However, with the advent of modern audio devices such as headphones, earphones, and headsets, sidetone processing has become more complex. Users of such audio devices often experience difficulties in adjusting their speaking volume and maintaining conversational quality due to the lack of natural sidetone feedback.

Existing solutions for sidetone processing in audio devices typically involve hardware components such as microphones and signal processing circuits. These solutions aim to capture the user's voice through a microphone, process the audio signal, and feed it back to the user's earphones or headphones in real-time, mimicking the natural sidetone experience found in traditional telecommunication systems.

However, conventional sidetone processing techniques may suffer from drawbacks such as latency, inadequate signal processing accuracy, and limited adaptability to different user environments and preferences.

SUMMARY

Accordingly, there is a need for improved audio devices with efficient sidetone processing and methods performed by an audio device, which may mitigate, alleviate, or address the existing shortcomings and may provide improved efficiency of sidetone processing and in turn resulting in reduced latency, lower computational cost, and battery saving.

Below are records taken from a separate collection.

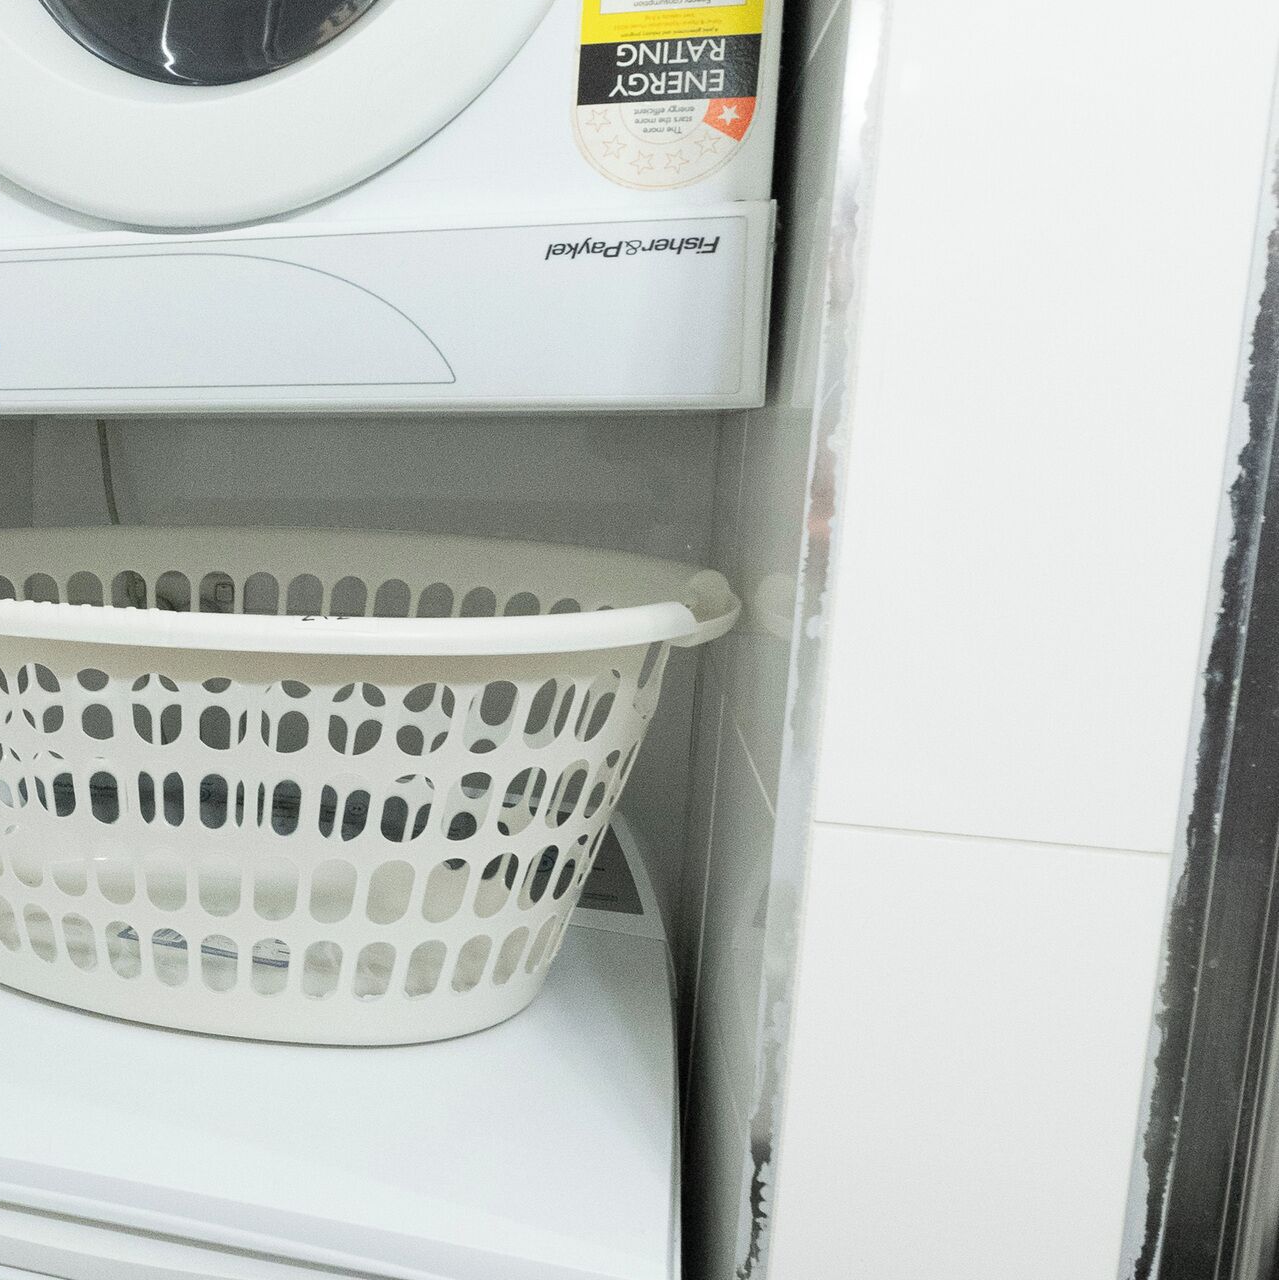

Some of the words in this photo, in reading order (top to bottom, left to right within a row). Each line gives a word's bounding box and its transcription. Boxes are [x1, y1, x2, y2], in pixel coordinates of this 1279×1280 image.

[616, 38, 726, 66] RATING
[609, 69, 724, 97] ENERGY
[634, 108, 664, 116] efficient
[667, 105, 695, 114] energy
[545, 236, 720, 260] Fisher&Paykel
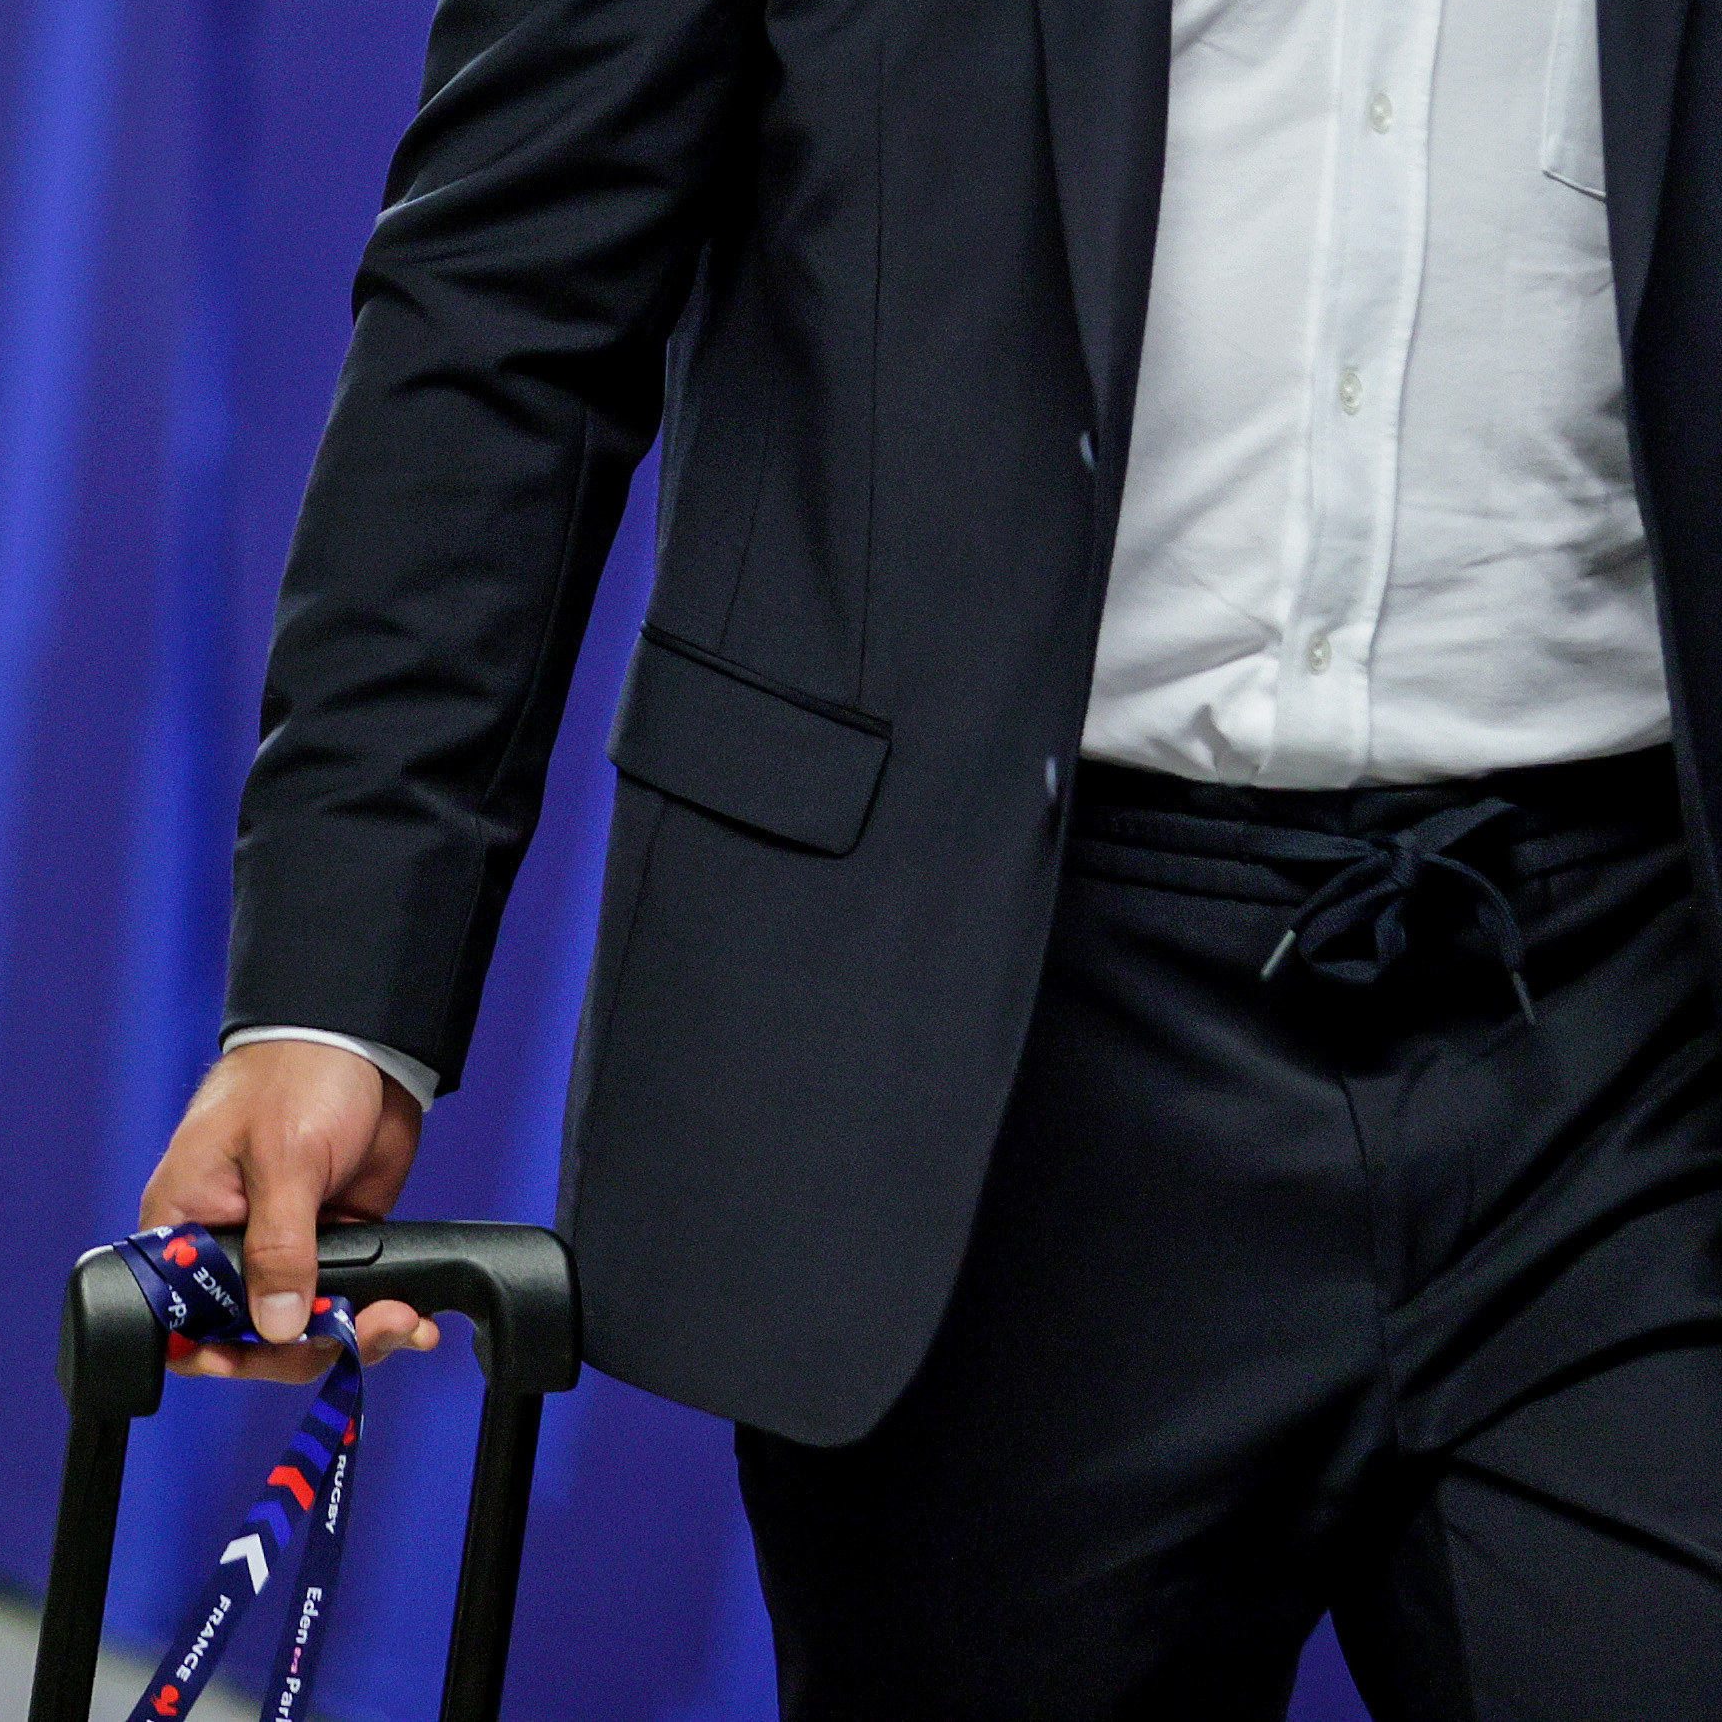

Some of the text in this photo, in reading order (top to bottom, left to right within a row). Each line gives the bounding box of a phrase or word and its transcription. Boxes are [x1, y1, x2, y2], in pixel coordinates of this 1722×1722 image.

In other words, there is a need for an improved audio device with sidetone processing capabilities that overcomes these limitations and provides a seamless and natural user experience during voice calls and communication sessions.

An audio device is disclosed. The audio device may be configured to act as a receiver device and/or a transmitter device. The audio device may comprise a memory, an interface, and one or more processors. Optionally the audio device comprises one or more output transducers, such as one or more loudspeakers, and one or more input transducers, such as one or more microphones. In one or more examples or embodiments, the one or more processors are configured to obtain audio data, such as an audio input signal. In other words, the audio device may be configured to obtain audio data, such as the audio input signal, using the one or more processors and/or via the interface.

The audio device comprises an output transducer configured to output a near-end audio output signal.

The audio device comprises processor circuitry comprising a signal processor module configured to provide a far-end audio output signal and a sidetone module configured to provide a sidetone audio output signal.

The signal processor module is configured to process the first audio input signal and the second audio input signal for provision of a plurality of filter parameters. The sidetone module is configured to obtain first data indicative of the plurality of filter parameters and to process the first audio input signal and the second audio input signal for provision of the sidetone audio output signal using one or more filters based on the first data. The near-end audio output signal may be based on the sidetone audio output signal and/or a far-end audio input signal.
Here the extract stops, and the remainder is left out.